We’ve heard this line so many times that it almost seems rote. But read them again. You’d think it was a line from an abolitionist’s speech. When I hear “all men are endowed with the right to liberty,” my bosom doesn’t swell with pride in my country’s Founding Fathers. I’m filled with disbelief, disgust and pain. How could you pen those words and continue to support a system of slavery? How could Congress approve that declaration and not also approve the end of horrible crimes to humanity?

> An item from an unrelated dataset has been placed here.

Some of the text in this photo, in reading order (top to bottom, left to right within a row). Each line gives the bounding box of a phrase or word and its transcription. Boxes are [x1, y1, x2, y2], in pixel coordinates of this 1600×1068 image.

I know what some of you are thinking:

  1. Slavery is over; get over it already. I’m not going to get into a long drawn out dissertation about how the descendants of slaves and slave owners continue to reap burdens and benefits respectively, because that makes people defensive. Nevertheless, the fact remains that the day we are expected to look back on with moist eyes makes my wrists ache with the inherited memory of slavery.

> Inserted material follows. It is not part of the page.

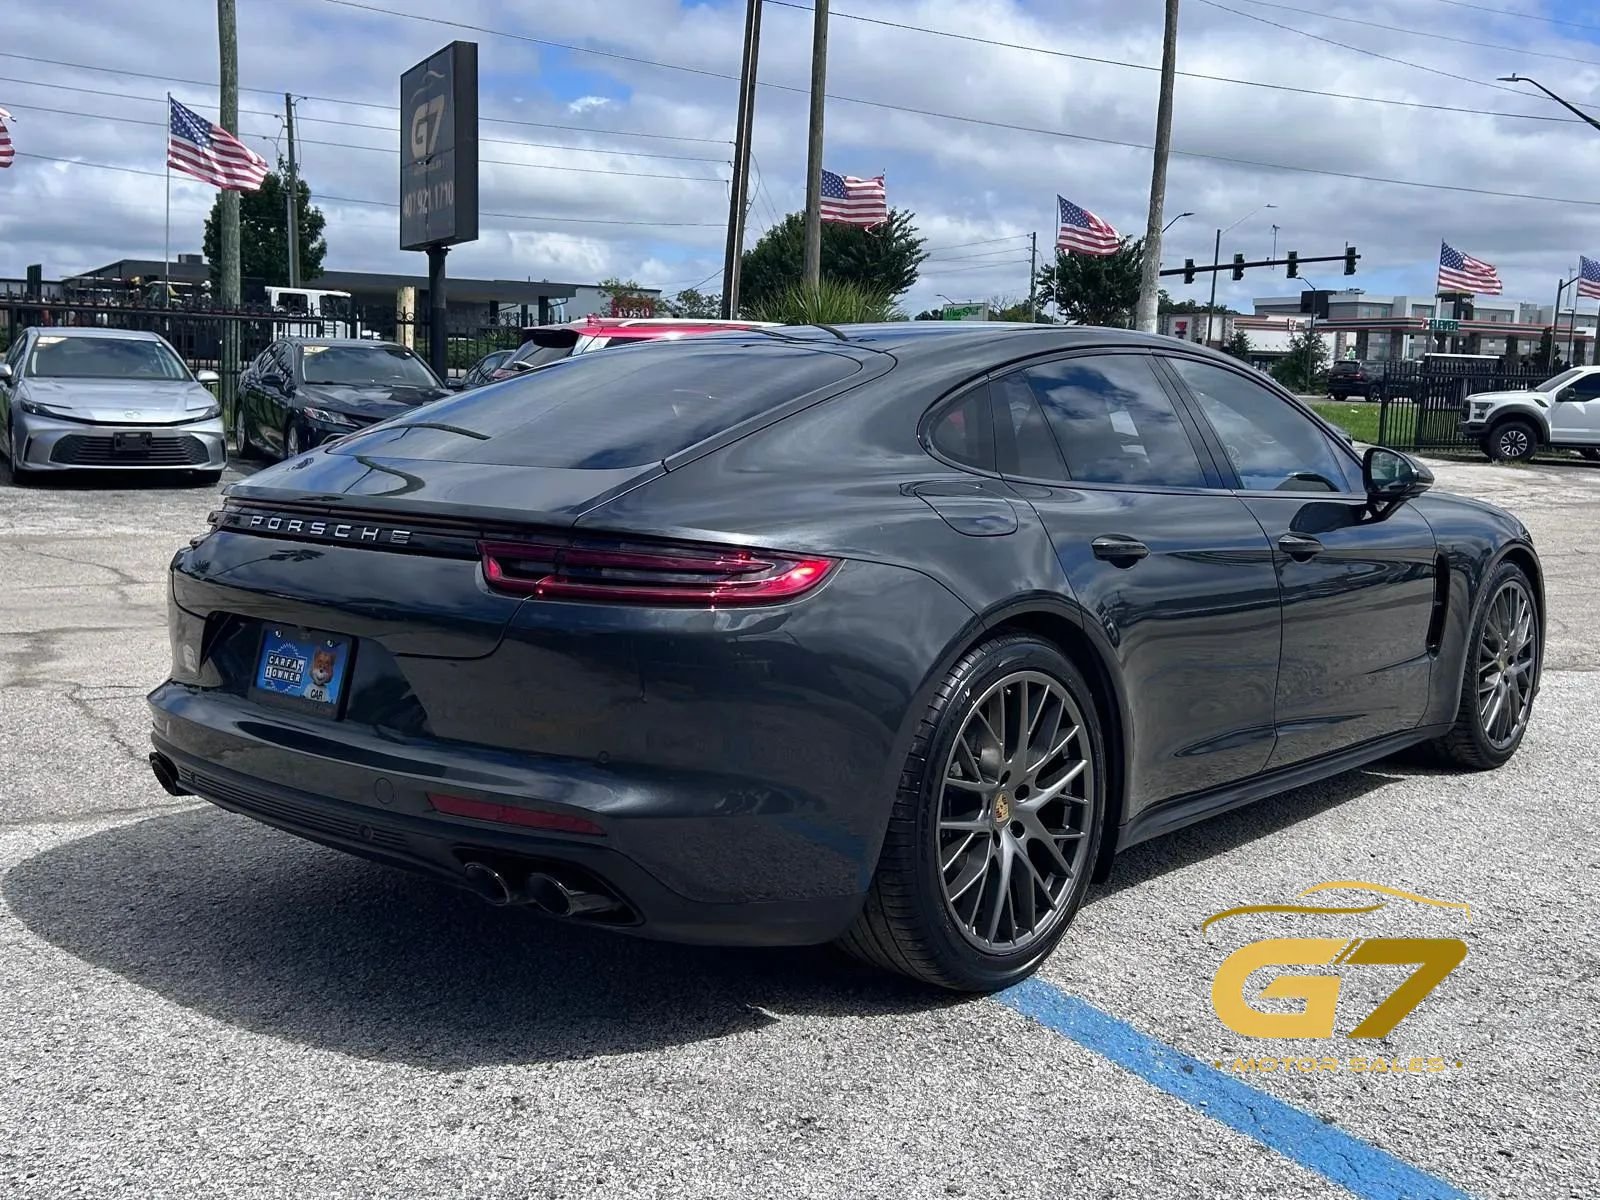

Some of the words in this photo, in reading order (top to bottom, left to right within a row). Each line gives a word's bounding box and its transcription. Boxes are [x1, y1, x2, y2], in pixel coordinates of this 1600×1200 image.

[411, 94, 445, 160] G7
[250, 515, 411, 544] PORSCHE
[268, 655, 306, 673] CARFAX
[310, 688, 324, 700] CAR

  1. Why can’t you feel good about celebrating your own country’s birthday? Yes, America was born that day. Unfortunately, the America born that day was not created with my interests in mind. No kind thought or consideration was made about me and my family’s wish to have life, liberty or the pursuit of happiness. My ancestors and their children were considered less than men, not even actual people. What else can you derive from the statement that “all men are created equal” when people of African decent are not considered a part of this group?

  1. Blacks weren’t the only group without rights. Only white men that owned land were even able to vote. Why take it so personal? You don’t see white women complaining. Well this criticism is easy to deflect. Lots of other groups were (and continue to be) marginalized. But Blacks and Native Americans -those who didn’t die of disease or run off- didn’t even have the right to life sans shackles. Marginalization >>> shackles.

I’m going to say it again because I’m sure many of you don’t believe me. I’m proud to be an American. I’m glad we’re not a group of colonies. I love living here and wouldn’t want to live any place else. Everyone, self included, reaps the benefits of being free of rule from the British. However, a holiday entitled Independence Day is quite misleading, all things considered. Independence was selective; freedom in the US from the Brits, slavery to the US for others. The so-called American dream was recognized for a good chunk of Americans that day in Philadelphia. A celebration is indeed in order. But a good deal of reflection on how America can ensure that the ideals represented in that Declaration are represented in our country today is much more productive, and in my opinion, more patriotic.

Happy Fourth. Enjoy the birth of a nation. Just don’t call it Independence Day.